Repeat the entries that follow from start to finish, keeping every character.

Input ::
◇ ◇ ◇ ◇
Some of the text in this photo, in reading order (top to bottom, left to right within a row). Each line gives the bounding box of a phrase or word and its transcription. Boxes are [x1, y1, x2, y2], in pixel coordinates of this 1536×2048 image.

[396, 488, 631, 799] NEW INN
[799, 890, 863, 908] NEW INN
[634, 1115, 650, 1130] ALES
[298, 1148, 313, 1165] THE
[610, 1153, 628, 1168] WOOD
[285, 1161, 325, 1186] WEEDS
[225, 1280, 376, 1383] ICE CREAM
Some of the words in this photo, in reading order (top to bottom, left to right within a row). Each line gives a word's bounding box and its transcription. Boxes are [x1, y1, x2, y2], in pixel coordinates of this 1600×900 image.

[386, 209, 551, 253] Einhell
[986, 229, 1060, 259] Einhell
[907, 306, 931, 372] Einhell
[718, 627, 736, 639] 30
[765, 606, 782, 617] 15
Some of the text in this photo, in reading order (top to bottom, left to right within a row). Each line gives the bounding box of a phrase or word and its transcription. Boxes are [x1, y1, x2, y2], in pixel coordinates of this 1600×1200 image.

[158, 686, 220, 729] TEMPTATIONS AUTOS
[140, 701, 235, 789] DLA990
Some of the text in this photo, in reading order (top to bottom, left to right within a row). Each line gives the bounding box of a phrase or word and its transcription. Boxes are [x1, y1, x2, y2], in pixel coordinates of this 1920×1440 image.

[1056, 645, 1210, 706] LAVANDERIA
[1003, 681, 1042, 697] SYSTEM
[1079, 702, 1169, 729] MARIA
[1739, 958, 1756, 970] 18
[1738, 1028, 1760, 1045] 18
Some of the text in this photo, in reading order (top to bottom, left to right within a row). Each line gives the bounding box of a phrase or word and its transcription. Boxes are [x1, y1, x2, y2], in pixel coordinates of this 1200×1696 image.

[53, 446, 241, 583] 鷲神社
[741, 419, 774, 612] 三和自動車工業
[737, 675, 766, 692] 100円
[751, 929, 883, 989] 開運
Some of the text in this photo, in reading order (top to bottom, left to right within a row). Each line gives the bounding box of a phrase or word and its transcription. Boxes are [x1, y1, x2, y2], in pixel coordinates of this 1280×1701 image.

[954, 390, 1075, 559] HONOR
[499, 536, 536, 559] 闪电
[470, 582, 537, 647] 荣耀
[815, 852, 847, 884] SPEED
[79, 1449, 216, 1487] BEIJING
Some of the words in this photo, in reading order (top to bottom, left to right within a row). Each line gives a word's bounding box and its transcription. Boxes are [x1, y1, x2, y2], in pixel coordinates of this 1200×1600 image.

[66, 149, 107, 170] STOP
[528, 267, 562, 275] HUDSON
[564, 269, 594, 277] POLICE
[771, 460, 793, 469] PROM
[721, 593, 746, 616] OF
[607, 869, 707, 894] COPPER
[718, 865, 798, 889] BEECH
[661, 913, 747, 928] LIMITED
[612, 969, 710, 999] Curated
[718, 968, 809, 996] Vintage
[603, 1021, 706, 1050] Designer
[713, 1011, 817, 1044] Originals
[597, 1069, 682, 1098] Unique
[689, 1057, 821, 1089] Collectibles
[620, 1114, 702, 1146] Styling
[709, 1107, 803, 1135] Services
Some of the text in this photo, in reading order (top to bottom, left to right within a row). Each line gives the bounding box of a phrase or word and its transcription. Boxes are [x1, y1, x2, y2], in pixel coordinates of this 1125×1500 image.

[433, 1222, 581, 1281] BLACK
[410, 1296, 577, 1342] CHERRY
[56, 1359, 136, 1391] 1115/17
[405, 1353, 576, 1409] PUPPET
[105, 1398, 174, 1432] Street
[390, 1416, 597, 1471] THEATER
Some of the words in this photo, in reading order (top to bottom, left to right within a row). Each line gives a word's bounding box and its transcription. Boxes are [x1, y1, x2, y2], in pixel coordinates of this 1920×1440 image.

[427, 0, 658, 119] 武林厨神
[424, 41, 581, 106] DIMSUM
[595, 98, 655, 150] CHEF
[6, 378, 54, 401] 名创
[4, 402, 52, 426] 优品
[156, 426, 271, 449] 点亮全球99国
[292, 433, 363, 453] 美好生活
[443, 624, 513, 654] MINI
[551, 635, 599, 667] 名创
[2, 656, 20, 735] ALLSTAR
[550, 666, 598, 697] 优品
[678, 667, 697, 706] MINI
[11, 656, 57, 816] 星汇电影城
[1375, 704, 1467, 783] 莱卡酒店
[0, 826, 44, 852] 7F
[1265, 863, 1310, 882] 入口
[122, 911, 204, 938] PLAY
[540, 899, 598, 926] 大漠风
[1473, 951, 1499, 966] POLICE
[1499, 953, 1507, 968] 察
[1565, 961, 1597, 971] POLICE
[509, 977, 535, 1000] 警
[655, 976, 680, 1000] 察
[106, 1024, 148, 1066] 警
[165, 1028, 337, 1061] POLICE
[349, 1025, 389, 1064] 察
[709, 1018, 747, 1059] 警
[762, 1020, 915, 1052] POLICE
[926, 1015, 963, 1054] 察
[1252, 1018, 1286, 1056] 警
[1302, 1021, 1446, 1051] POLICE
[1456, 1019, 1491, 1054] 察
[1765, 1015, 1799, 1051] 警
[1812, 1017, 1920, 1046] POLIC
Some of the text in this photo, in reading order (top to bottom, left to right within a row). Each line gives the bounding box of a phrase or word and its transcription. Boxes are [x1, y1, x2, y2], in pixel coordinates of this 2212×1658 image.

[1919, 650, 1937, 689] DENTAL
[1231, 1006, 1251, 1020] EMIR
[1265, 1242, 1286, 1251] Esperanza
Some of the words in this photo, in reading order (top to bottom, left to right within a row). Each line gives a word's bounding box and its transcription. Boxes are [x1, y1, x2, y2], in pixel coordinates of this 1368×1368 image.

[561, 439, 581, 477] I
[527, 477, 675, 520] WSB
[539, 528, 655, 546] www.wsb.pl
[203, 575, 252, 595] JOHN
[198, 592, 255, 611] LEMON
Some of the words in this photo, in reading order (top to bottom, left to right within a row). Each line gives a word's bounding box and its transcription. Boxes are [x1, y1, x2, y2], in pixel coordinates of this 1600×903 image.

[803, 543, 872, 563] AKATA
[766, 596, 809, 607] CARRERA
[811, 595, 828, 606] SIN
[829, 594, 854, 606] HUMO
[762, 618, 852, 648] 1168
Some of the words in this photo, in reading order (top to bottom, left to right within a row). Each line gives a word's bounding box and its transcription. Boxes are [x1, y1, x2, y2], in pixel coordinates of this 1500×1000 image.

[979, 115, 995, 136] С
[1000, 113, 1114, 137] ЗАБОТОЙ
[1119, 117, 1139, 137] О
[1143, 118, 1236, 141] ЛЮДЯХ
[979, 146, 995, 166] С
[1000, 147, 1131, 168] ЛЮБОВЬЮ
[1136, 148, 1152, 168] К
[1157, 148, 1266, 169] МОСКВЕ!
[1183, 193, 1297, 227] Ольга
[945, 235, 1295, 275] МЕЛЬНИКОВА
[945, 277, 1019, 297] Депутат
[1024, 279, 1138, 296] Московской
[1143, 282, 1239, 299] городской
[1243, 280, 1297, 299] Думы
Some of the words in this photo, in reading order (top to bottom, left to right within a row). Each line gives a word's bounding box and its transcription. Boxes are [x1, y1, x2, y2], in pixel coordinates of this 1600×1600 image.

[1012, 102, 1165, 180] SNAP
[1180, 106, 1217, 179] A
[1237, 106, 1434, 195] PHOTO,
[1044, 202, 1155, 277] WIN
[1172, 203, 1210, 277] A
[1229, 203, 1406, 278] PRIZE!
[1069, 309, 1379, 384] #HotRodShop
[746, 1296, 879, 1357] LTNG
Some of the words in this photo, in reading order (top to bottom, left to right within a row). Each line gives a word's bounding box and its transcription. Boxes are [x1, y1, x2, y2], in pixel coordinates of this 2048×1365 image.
◇ ◇ ◇ ◇
Exercise response ::
Some of the text in this photo, in reading order (top to bottom, left to right within a row). Each line gives the bounding box of a phrase or word and its transcription. Boxes are [x1, y1, x2, y2], in pixel coordinates of this 1536×2048 image.

[396, 488, 631, 799] NEW INN
[799, 890, 863, 908] NEW INN
[634, 1115, 650, 1130] ALES
[298, 1148, 313, 1165] THE
[610, 1153, 628, 1168] WOOD
[285, 1161, 325, 1186] WEEDS
[225, 1280, 376, 1383] ICE CREAM
Some of the words in this photo, in reading order (top to bottom, left to right within a row). Each line gives a word's bounding box and its transcription. Boxes are [x1, y1, x2, y2], in pixel coordinates of this 1600×900 image.

[386, 209, 551, 253] Einhell
[986, 229, 1060, 259] Einhell
[907, 306, 931, 372] Einhell
[718, 627, 736, 639] 30
[765, 606, 782, 617] 15
Some of the text in this photo, in reading order (top to bottom, left to right within a row). Each line gives the bounding box of a phrase or word and its transcription. Boxes are [x1, y1, x2, y2], in pixel coordinates of this 1600×1200 image.

[158, 686, 220, 729] TEMPTATIONS AUTOS
[140, 701, 235, 789] DLA990
Some of the text in this photo, in reading order (top to bottom, left to right within a row). Each line gives the bounding box of a phrase or word and its transcription. Boxes are [x1, y1, x2, y2], in pixel coordinates of this 1920×1440 image.

[1056, 645, 1210, 706] LAVANDERIA
[1003, 681, 1042, 697] SYSTEM
[1079, 702, 1169, 729] MARIA
[1739, 958, 1756, 970] 18
[1738, 1028, 1760, 1045] 18
Some of the text in this photo, in reading order (top to bottom, left to right within a row). Each line gives the bounding box of a phrase or word and its transcription. Boxes are [x1, y1, x2, y2], in pixel coordinates of this 1200×1696 image.

[53, 446, 241, 583] 鷲神社
[741, 419, 774, 612] 三和自動車工業
[737, 675, 766, 692] 100円
[751, 929, 883, 989] 開運
Some of the text in this photo, in reading order (top to bottom, left to right within a row). Each line gives the bounding box of a phrase or word and its transcription. Boxes are [x1, y1, x2, y2], in pixel coordinates of this 1280×1701 image.

[954, 390, 1075, 559] HONOR
[499, 536, 536, 559] 闪电
[470, 582, 537, 647] 荣耀
[815, 852, 847, 884] SPEED
[79, 1449, 216, 1487] BEIJING
Some of the words in this photo, in reading order (top to bottom, left to right within a row). Each line gives a word's bounding box and its transcription. Boxes are [x1, y1, x2, y2], in pixel coordinates of this 1200×1600 image.

[66, 149, 107, 170] STOP
[528, 267, 562, 275] HUDSON
[564, 269, 594, 277] POLICE
[771, 460, 793, 469] PROM
[721, 593, 746, 616] OF
[607, 869, 707, 894] COPPER
[718, 865, 798, 889] BEECH
[661, 913, 747, 928] LIMITED
[612, 969, 710, 999] Curated
[718, 968, 809, 996] Vintage
[603, 1021, 706, 1050] Designer
[713, 1011, 817, 1044] Originals
[597, 1069, 682, 1098] Unique
[689, 1057, 821, 1089] Collectibles
[620, 1114, 702, 1146] Styling
[709, 1107, 803, 1135] Services
Some of the text in this photo, in reading order (top to bottom, left to right within a row). Each line gives the bounding box of a phrase or word and its transcription. Boxes are [x1, y1, x2, y2], in pixel coordinates of this 1125×1500 image.

[433, 1222, 581, 1281] BLACK
[410, 1296, 577, 1342] CHERRY
[56, 1359, 136, 1391] 1115/17
[405, 1353, 576, 1409] PUPPET
[105, 1398, 174, 1432] Street
[390, 1416, 597, 1471] THEATER
Some of the words in this photo, in reading order (top to bottom, left to right within a row). Each line gives a word's bounding box and its transcription. Boxes are [x1, y1, x2, y2], in pixel coordinates of this 1920×1440 image.

[427, 0, 658, 119] 武林厨神
[424, 41, 581, 106] DIMSUM
[595, 98, 655, 150] CHEF
[6, 378, 54, 401] 名创
[4, 402, 52, 426] 优品
[156, 426, 271, 449] 点亮全球99国
[292, 433, 363, 453] 美好生活
[443, 624, 513, 654] MINI
[551, 635, 599, 667] 名创
[2, 656, 20, 735] ALLSTAR
[550, 666, 598, 697] 优品
[678, 667, 697, 706] MINI
[11, 656, 57, 816] 星汇电影城
[1375, 704, 1467, 783] 莱卡酒店
[0, 826, 44, 852] 7F
[1265, 863, 1310, 882] 入口
[122, 911, 204, 938] PLAY
[540, 899, 598, 926] 大漠风
[1473, 951, 1499, 966] POLICE
[1499, 953, 1507, 968] 察
[1565, 961, 1597, 971] POLICE
[509, 977, 535, 1000] 警
[655, 976, 680, 1000] 察
[106, 1024, 148, 1066] 警
[165, 1028, 337, 1061] POLICE
[349, 1025, 389, 1064] 察
[709, 1018, 747, 1059] 警
[762, 1020, 915, 1052] POLICE
[926, 1015, 963, 1054] 察
[1252, 1018, 1286, 1056] 警
[1302, 1021, 1446, 1051] POLICE
[1456, 1019, 1491, 1054] 察
[1765, 1015, 1799, 1051] 警
[1812, 1017, 1920, 1046] POLIC
Some of the text in this photo, in reading order (top to bottom, left to right within a row). Each line gives the bounding box of a phrase or word and its transcription. Boxes are [x1, y1, x2, y2], in pixel coordinates of this 2212×1658 image.

[1919, 650, 1937, 689] DENTAL
[1231, 1006, 1251, 1020] EMIR
[1265, 1242, 1286, 1251] Esperanza
Some of the words in this photo, in reading order (top to bottom, left to right within a row). Each line gives a word's bounding box and its transcription. Boxes are [x1, y1, x2, y2], in pixel coordinates of this 1368×1368 image.

[561, 439, 581, 477] I
[527, 477, 675, 520] WSB
[539, 528, 655, 546] www.wsb.pl
[203, 575, 252, 595] JOHN
[198, 592, 255, 611] LEMON
Some of the words in this photo, in reading order (top to bottom, left to right within a row). Each line gives a word's bounding box and its transcription. Boxes are [x1, y1, x2, y2], in pixel coordinates of this 1600×903 image.

[803, 543, 872, 563] AKATA
[766, 596, 809, 607] CARRERA
[811, 595, 828, 606] SIN
[829, 594, 854, 606] HUMO
[762, 618, 852, 648] 1168
Some of the words in this photo, in reading order (top to bottom, left to right within a row). Each line gives a word's bounding box and its transcription. Boxes are [x1, y1, x2, y2], in pixel coordinates of this 1500×1000 image.

[979, 115, 995, 136] С
[1000, 113, 1114, 137] ЗАБОТОЙ
[1119, 117, 1139, 137] О
[1143, 118, 1236, 141] ЛЮДЯХ
[979, 146, 995, 166] С
[1000, 147, 1131, 168] ЛЮБОВЬЮ
[1136, 148, 1152, 168] К
[1157, 148, 1266, 169] МОСКВЕ!
[1183, 193, 1297, 227] Ольга
[945, 235, 1295, 275] МЕЛЬНИКОВА
[945, 277, 1019, 297] Депутат
[1024, 279, 1138, 296] Московской
[1143, 282, 1239, 299] городской
[1243, 280, 1297, 299] Думы
Some of the words in this photo, in reading order (top to bottom, left to right within a row). Each line gives a word's bounding box and its transcription. Boxes are [x1, y1, x2, y2], in pixel coordinates of this 1600×1600 image.

[1012, 102, 1165, 180] SNAP
[1180, 106, 1217, 179] A
[1237, 106, 1434, 195] PHOTO,
[1044, 202, 1155, 277] WIN
[1172, 203, 1210, 277] A
[1229, 203, 1406, 278] PRIZE!
[1069, 309, 1379, 384] #HotRodShop
[746, 1296, 879, 1357] LTNG
Some of the words in this photo, in reading order (top to bottom, left to right within a row). Each line gives a word's bounding box and its transcription. Boxes are [x1, y1, x2, y2], in pixel coordinates of this 2048×1365 image.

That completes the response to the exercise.